Fire station memorabilia line the walls- framed pictures of fire trucks, fire station complement photos, a corkboard filled with other firefighting units’ shoulder patches.
But what reportedly really draws the eyes of emergency management professionals in the room is the tabletop display sitting on a side table that presents Preble County’s long-term mitigation plan.
It’s a simple but effective presentation – an about 4 foot by four foot Styrofoam sheet scored so the ends can be slanted inward. The center panel holds a Preble County map. The sidewalls hold details of 18 projects – one project per 8 by 11-inch sheet – that could make Preble County more disaster resistant. Lines from each project sheet to the map show their location in the county.

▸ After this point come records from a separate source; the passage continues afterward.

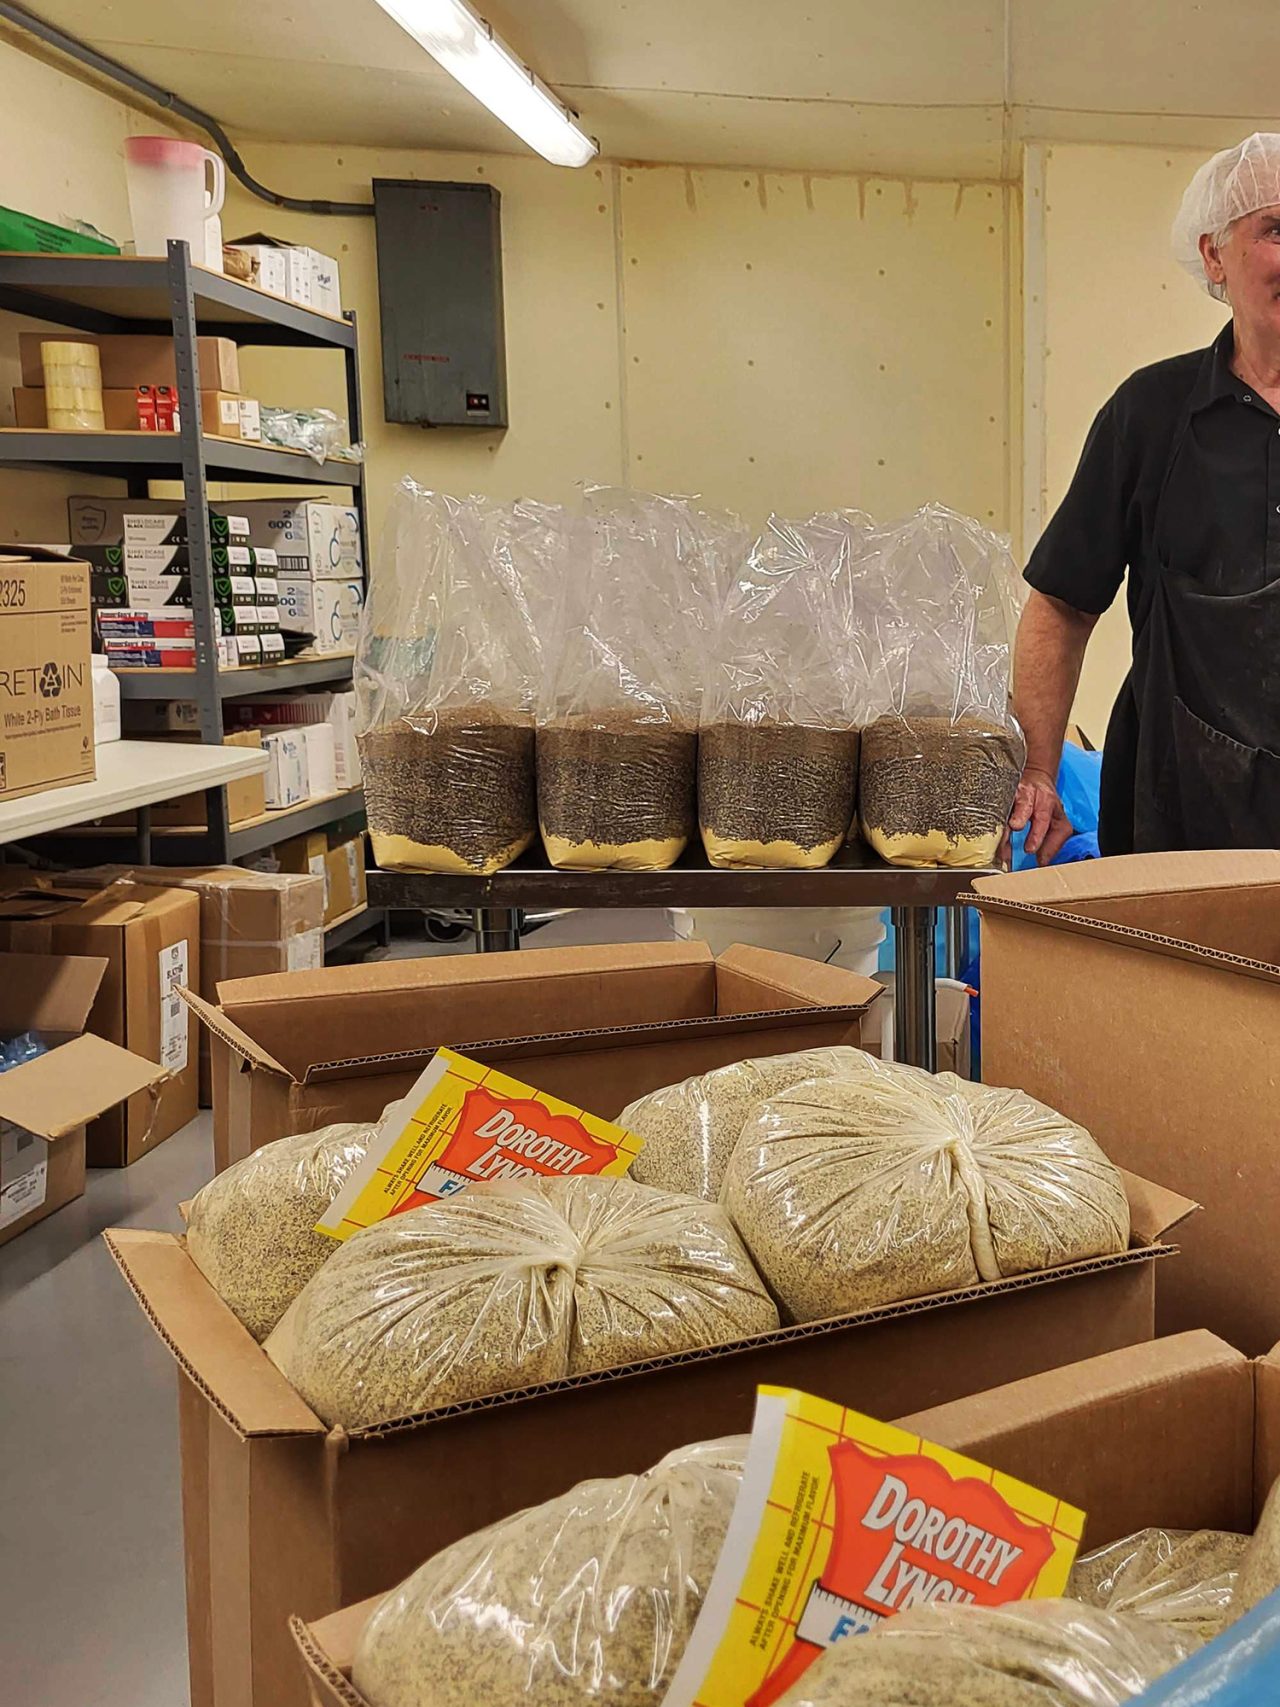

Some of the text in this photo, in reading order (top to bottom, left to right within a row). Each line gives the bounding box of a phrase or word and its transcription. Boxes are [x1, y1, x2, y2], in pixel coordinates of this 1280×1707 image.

[268, 520, 292, 528] 600
[282, 510, 292, 518] 2
[0, 579, 26, 608] 325
[0, 662, 83, 697] RETAIN
[4, 704, 81, 728] White 2-Ply Bath Tissue
[383, 1103, 447, 1194] ALWAYS SHAKE WELL AND REFRIGERATE
[389, 1180, 403, 1196] AFTER
[400, 1158, 417, 1181] OPENING
[414, 1148, 424, 1159] FOR
[421, 1124, 440, 1149] MAXIMUM
[465, 1144, 544, 1181] LYN
[473, 1108, 592, 1174] DOROTHY
[860, 1473, 1024, 1587] DOROTHY
[748, 1471, 811, 1647] ALWAYS SHAKE WELL AND REFRIGERATE
[759, 1620, 776, 1651] AFTER
[771, 1578, 791, 1618] OPENING
[785, 1557, 798, 1576] FOR
[793, 1511, 811, 1556] MAXIMUM

In these days of high tech, PowerPoint presentations, this is a decidedly low-tech solution to getting one’s message out; but, in some ways, the message is more powerful because of that. The creators know their audience and adapted a message delivery system appropriate for that audience.
It is at this level, the county level, that the rubber of mitigation planning meets the road. At the national level, concepts and funding streams are created. At the state level, those concepts and funding streams are implemented. But it is at the county and local levels that those concepts and funding streams are put into effect.

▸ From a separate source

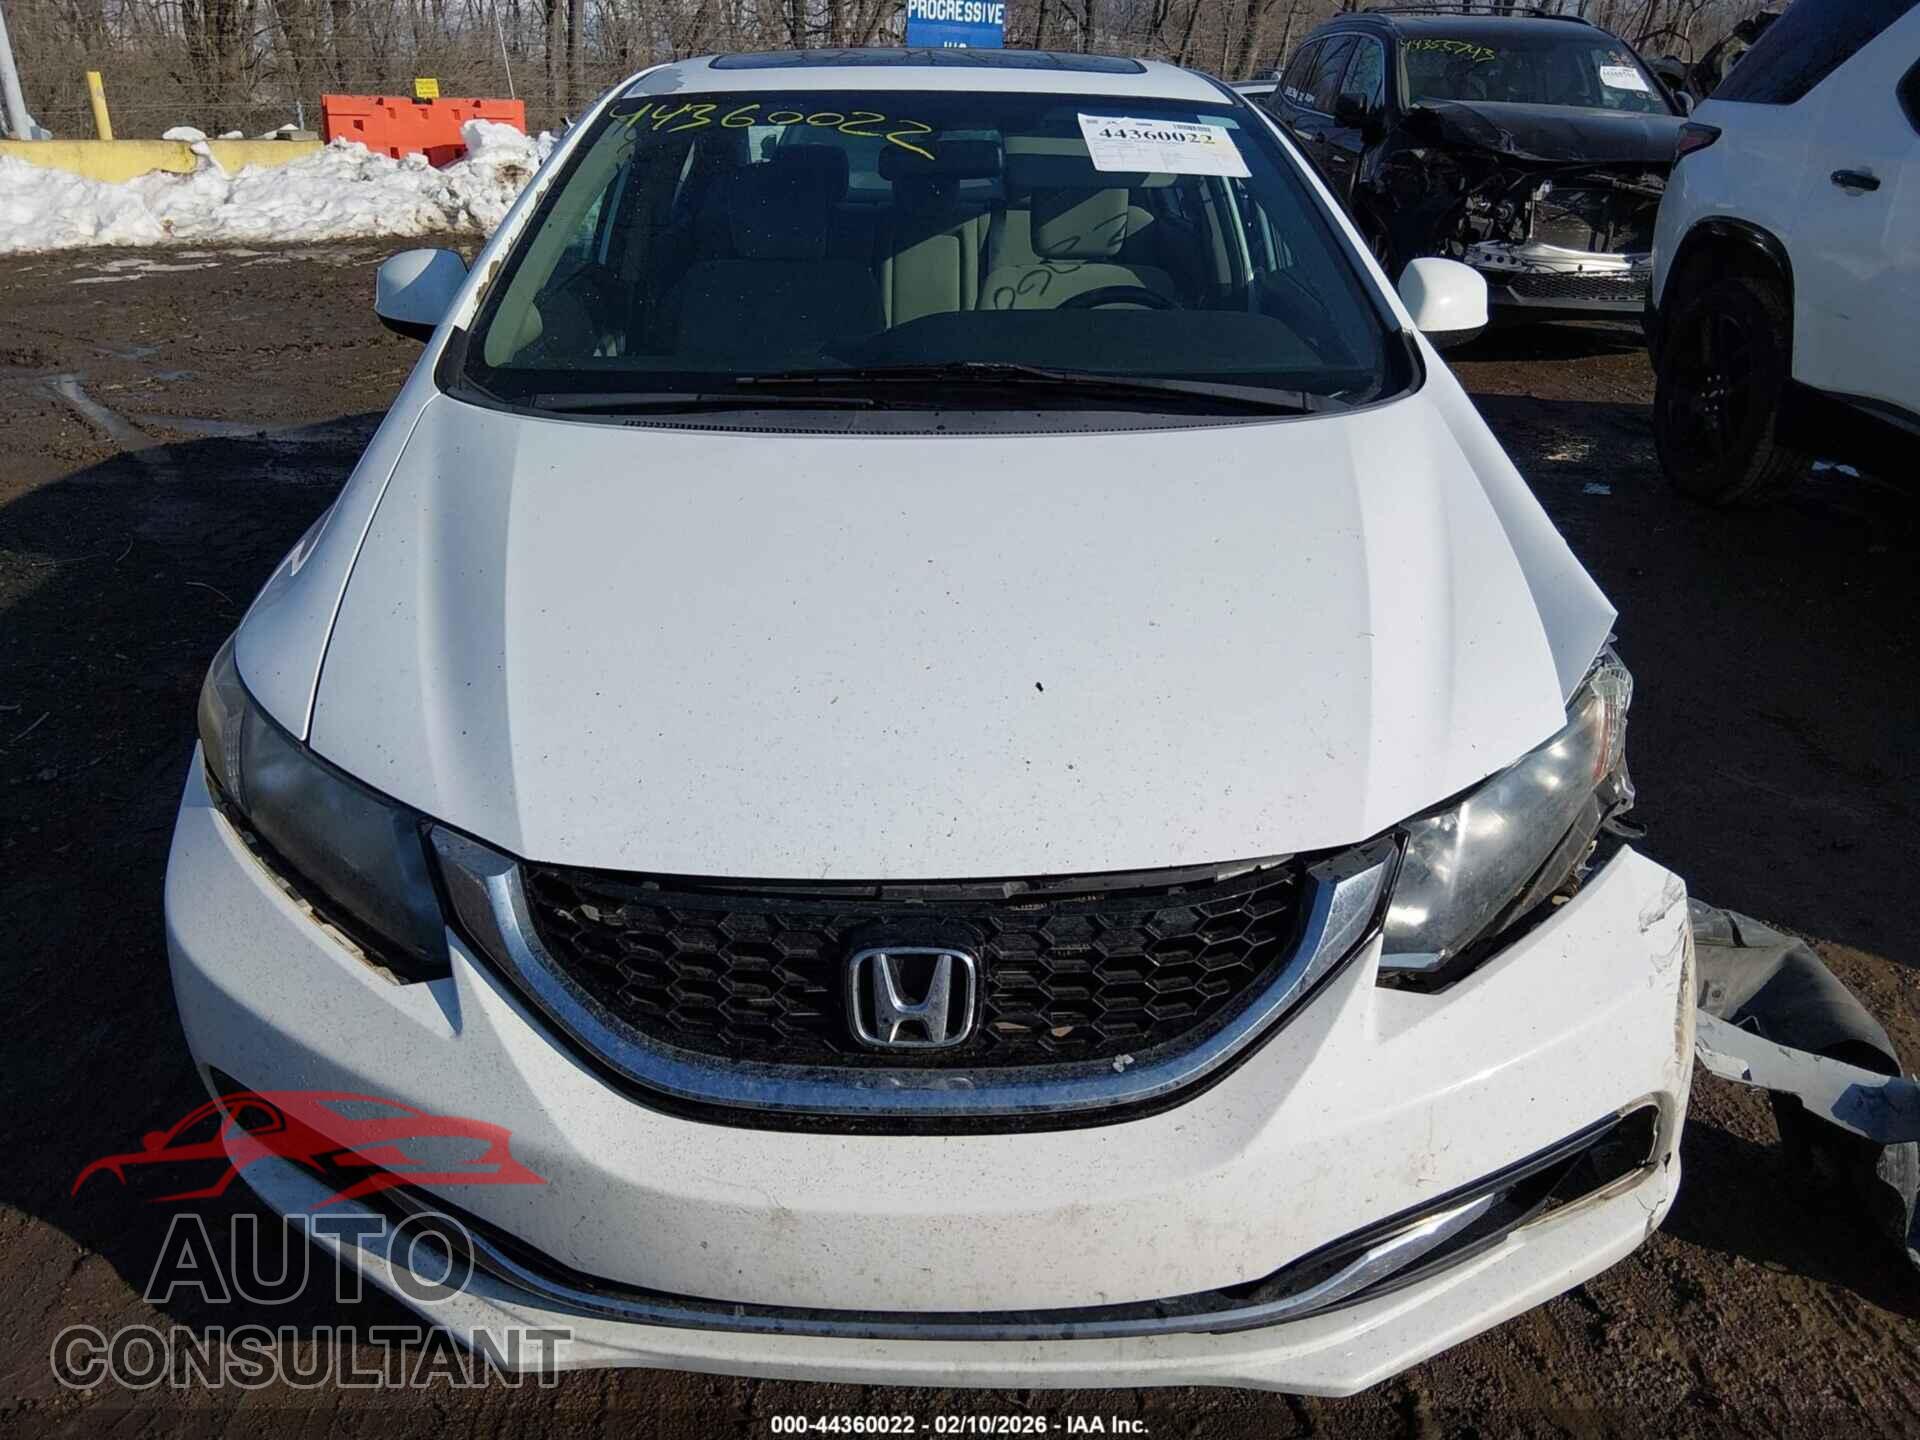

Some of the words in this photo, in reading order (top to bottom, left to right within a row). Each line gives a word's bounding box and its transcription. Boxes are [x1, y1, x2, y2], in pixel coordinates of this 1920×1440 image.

Preble County’s mitigation plan assesses the county’s vulnerabilities to natural or man-made disasters. Chief among them are tornadoes, floods and severe winter weather. Also assessed are measures the county could adopt to lessen the impact – or mitigate -such disasters. Total cost of the 18 projects is about $32 million.
Those costs run from the realizable — $18 to $20,000 for a tornado warning siren in West Elkton, a community of about 600 – to long range, hope chest projects, such as $25 million to put five levee/dam/temporary water diversion projects on the county’s main watershed.
Charlie Biggs, director of the Preble County Office of Homeland Security and Emergency Management said, the plan was created to ensure that Preble County would be eligible to participate in future Hazard Mitigation Grant Program (HMGP) projects. A 2002 change in the law governing national emergency management procedures requires all counties in the United States to have a mitigation plan to participate in HMGP, “If you don’t have a plan, you can’t get any money,” Biggs said.
The Department of Homeland Security’s Federal Emergency Management Agency (FEMA) and the State of Ohio administer the HMGP. If a major federal disaster is declared in Ohio, a certain percentage of funds will be added to FEMA response and recovery costs to fund measures that will reduce damages from future events. This is called mitigation.
FEMA provided a $27,000 grant to Preble County to create a county mitigation plan. The plan had to be approved in place Nov. 1, 2004. “It was really good investment, too,” Biggs said.
“I’ve been a resident of Preble County for 57 years, but I have only been in this job two years,” he said. “Working with the contracting company that put the plan together and the committee we formed to oversee the plan creation was a real eye opener for me and the other committee members.
“We found out so much about the county, it vulnerabilities and what we can do about them,” he said. “It was really a great learning experience and well worth the time and money.”
That’s why he created the presentation on the plan. “I thought other folks should know about what we learned,” he said, “and I thought they could see it better if there was something visual to show them.”